* TRY IT *
Make an exact copy of the listing underneath, skipping each picture.

* MATERIAL PROVIDED *

=== Begin Enclosure ===

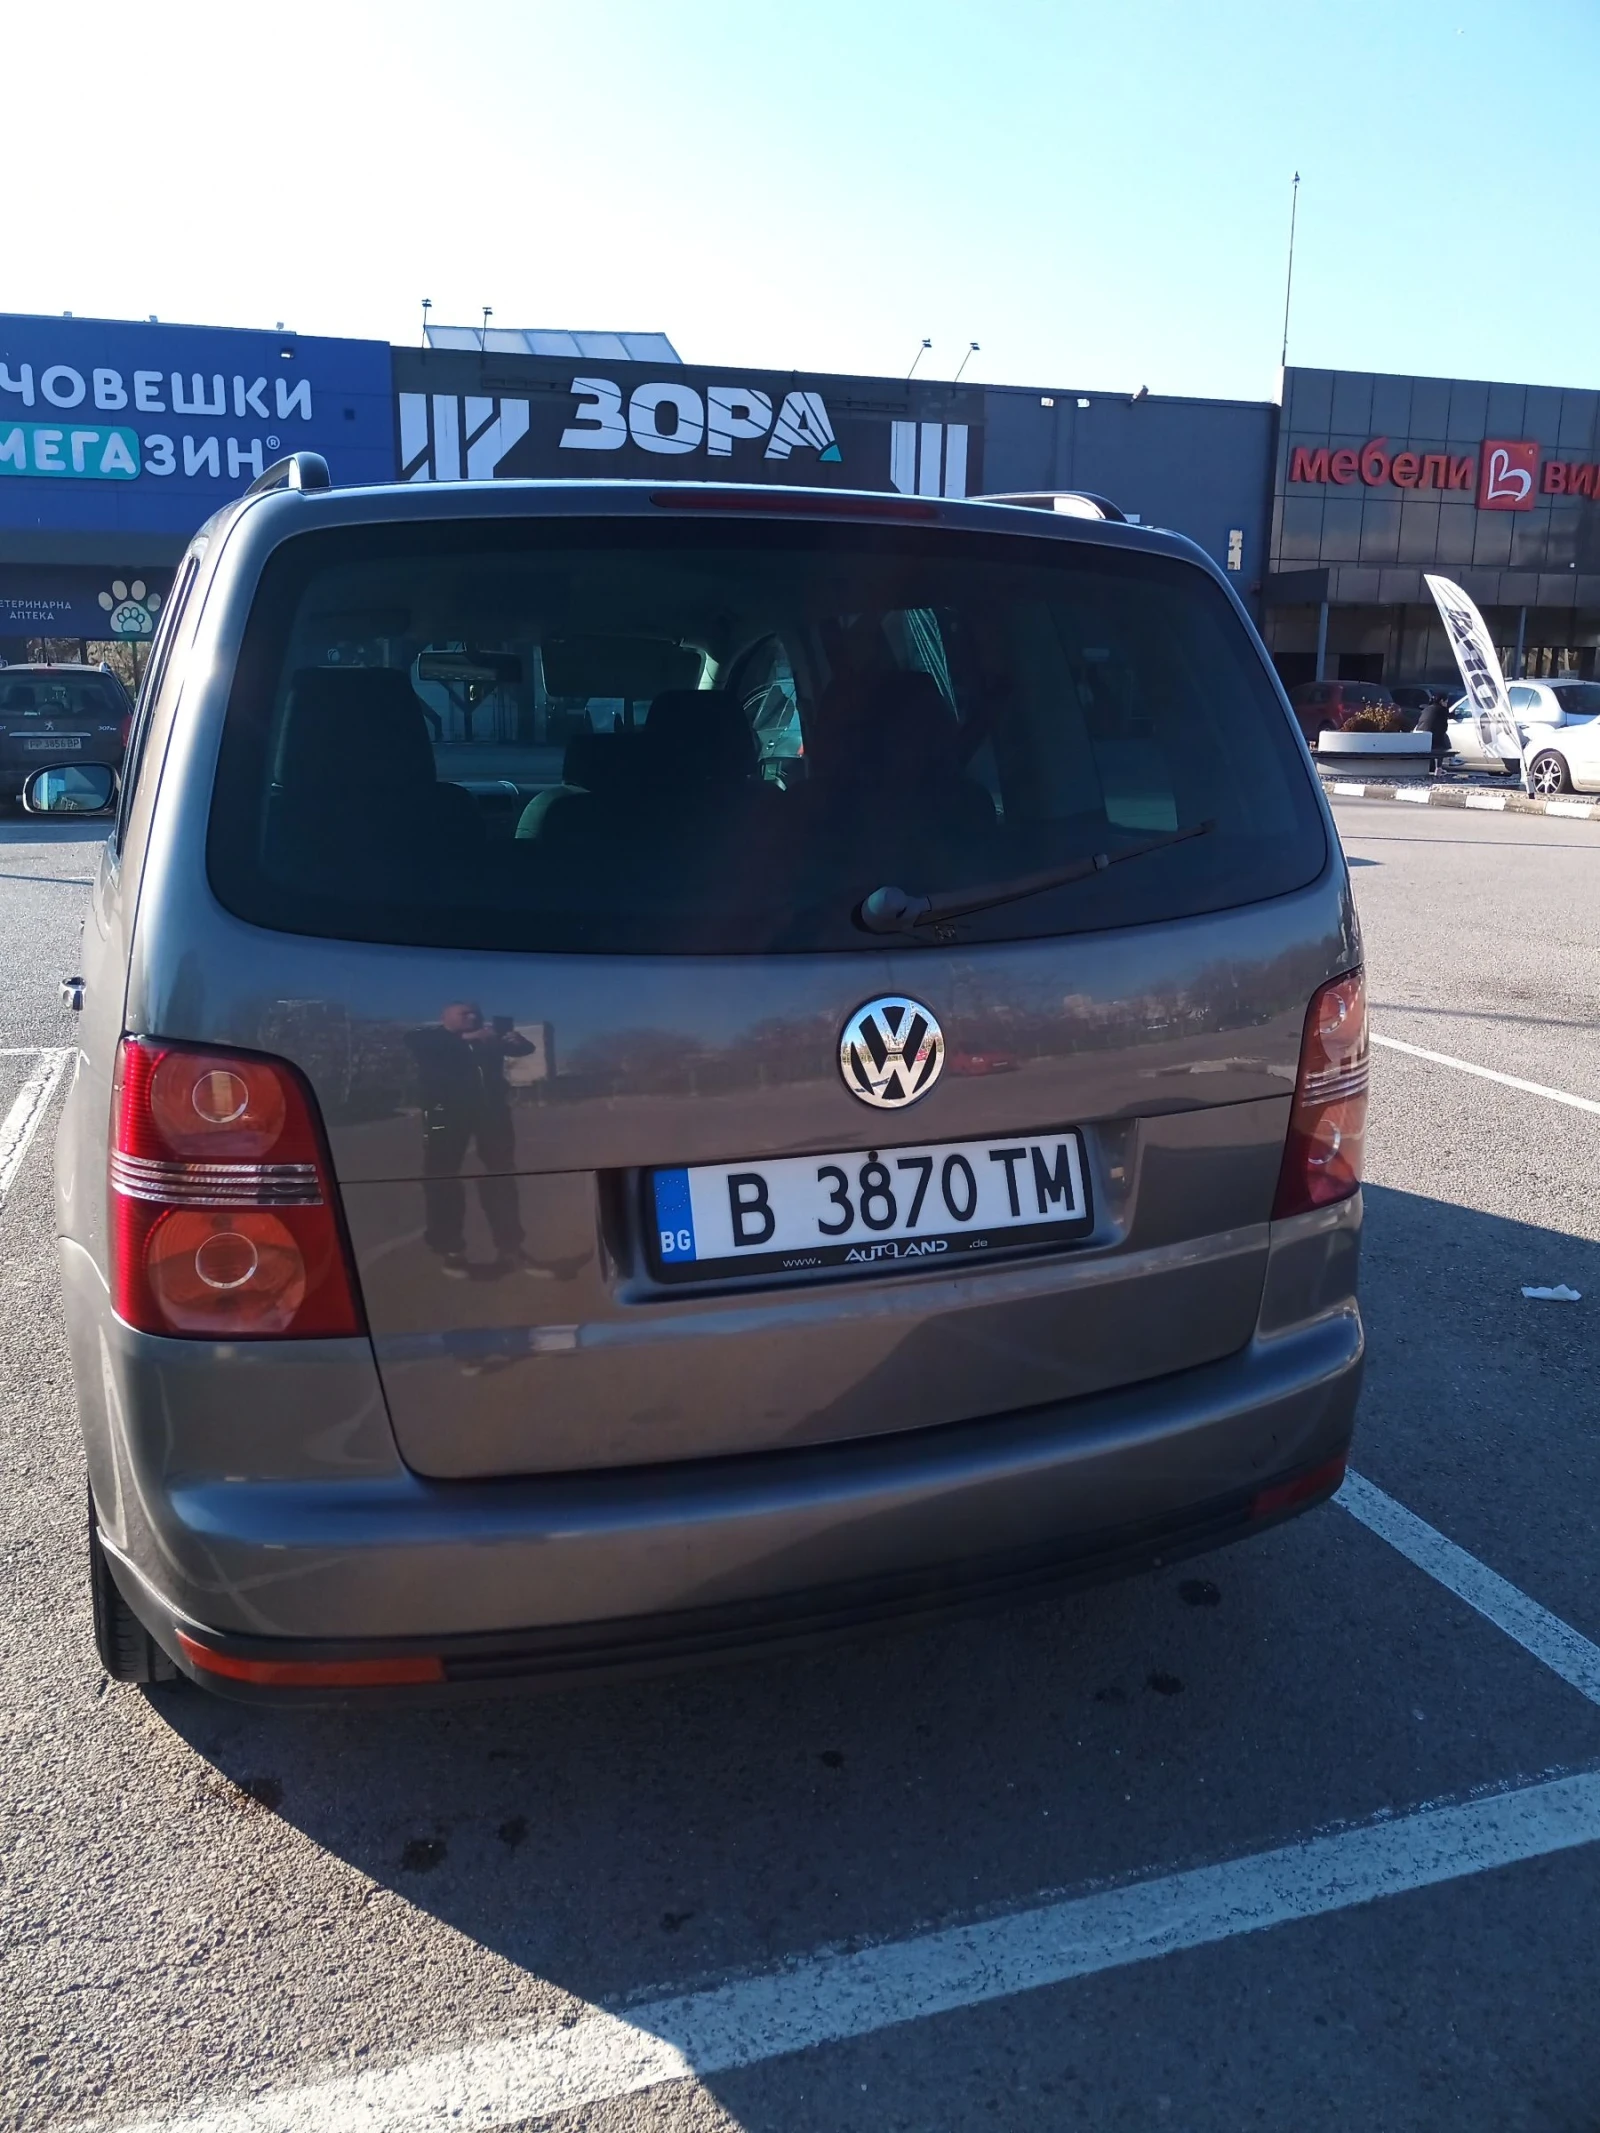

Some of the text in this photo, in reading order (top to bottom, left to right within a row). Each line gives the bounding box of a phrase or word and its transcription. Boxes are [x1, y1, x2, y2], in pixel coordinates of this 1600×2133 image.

[559, 377, 842, 462] ЗОРА
[1290, 437, 1474, 490] мебели
[9, 610, 55, 620] АПТЕКА
[727, 1144, 1076, 1247] B 3870 TM
[660, 1230, 692, 1253] BG
[782, 1257, 822, 1268] www.
[845, 1239, 948, 1262] AUTOLAND
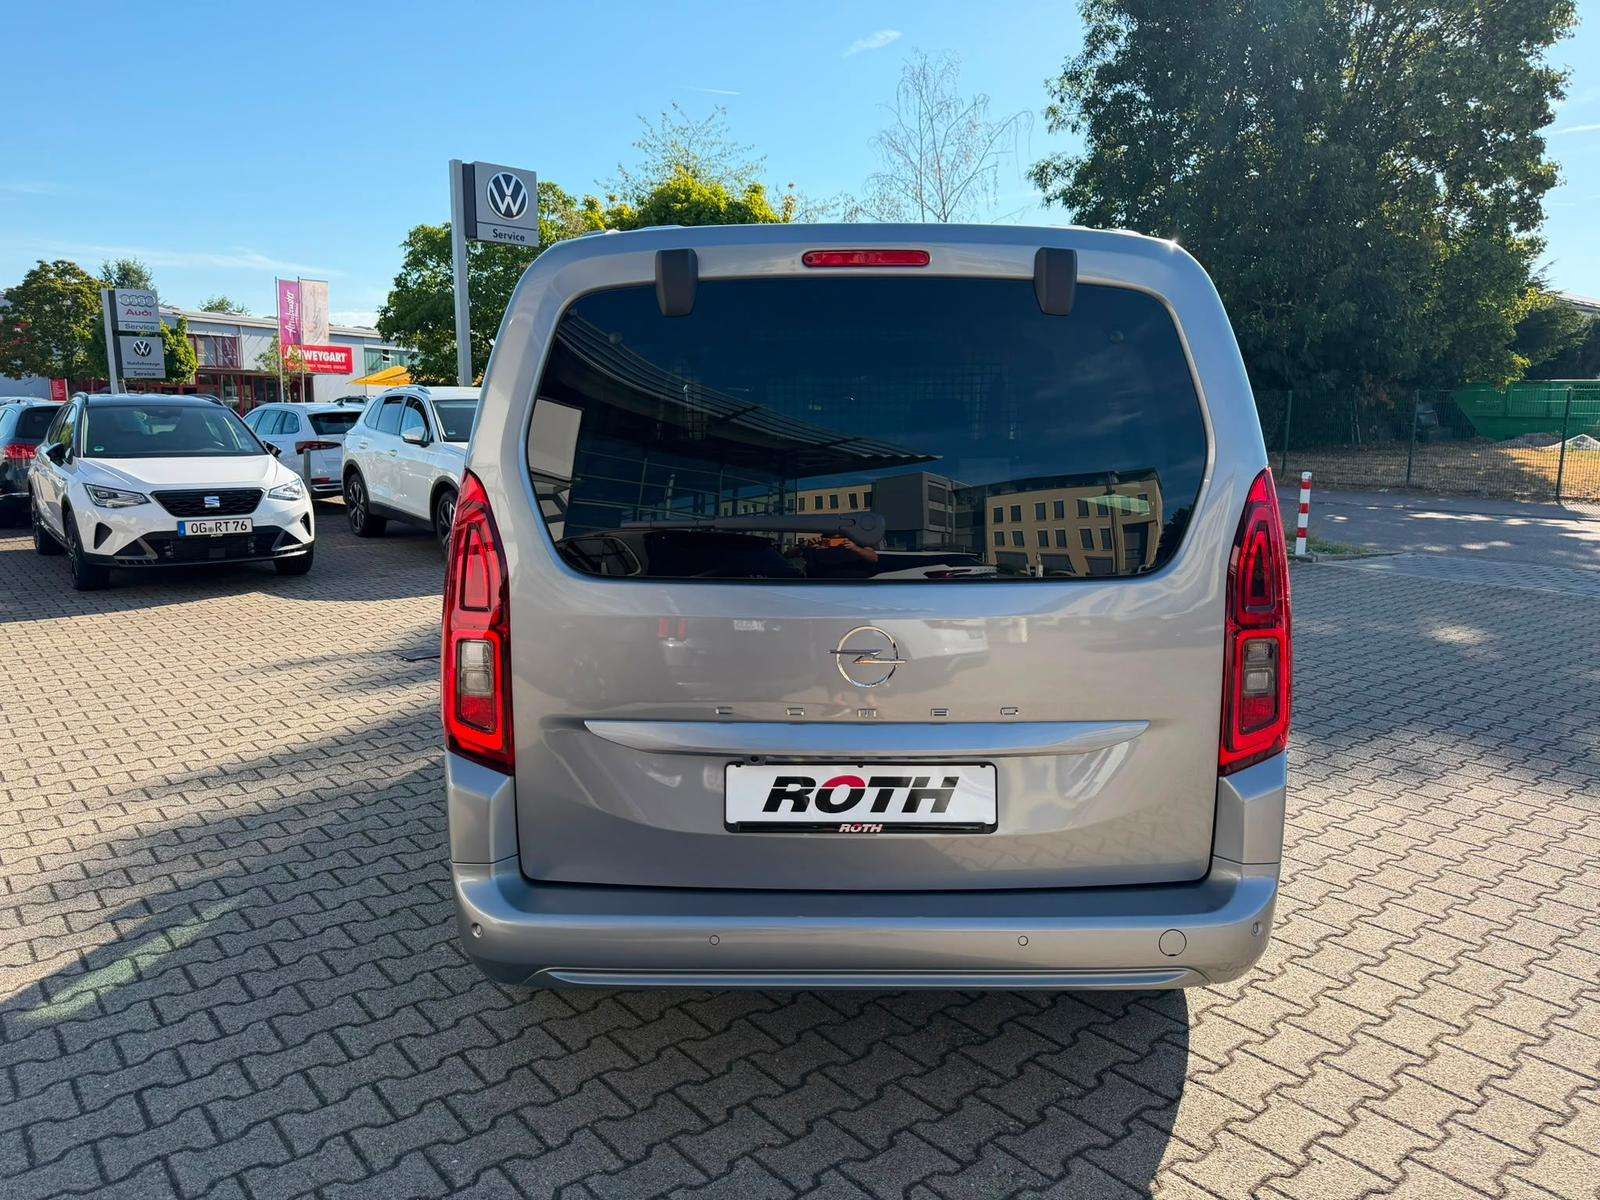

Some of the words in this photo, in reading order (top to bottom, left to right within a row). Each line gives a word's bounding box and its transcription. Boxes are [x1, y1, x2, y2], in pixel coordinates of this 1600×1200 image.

=== End Enclosure ===

* TASK OUTPUT *
Some of the text in this photo, in reading order (top to bottom, left to right within a row). Each line gives the bounding box of a phrase or word and its transcription. Boxes are [x1, y1, x2, y2], in pixel coordinates of this 1600×2133 image.

[559, 377, 842, 462] ЗОРА
[1290, 437, 1474, 490] мебели
[9, 610, 55, 620] АПТЕКА
[727, 1144, 1076, 1247] B 3870 TM
[660, 1230, 692, 1253] BG
[782, 1257, 822, 1268] www.
[845, 1239, 948, 1262] AUTOLAND

Some of the words in this photo, in reading order (top to bottom, left to right within a row). Each line gives a word's bounding box and its transcription. Boxes are [x1, y1, x2, y2], in pixel coordinates of this 1600×1200 image.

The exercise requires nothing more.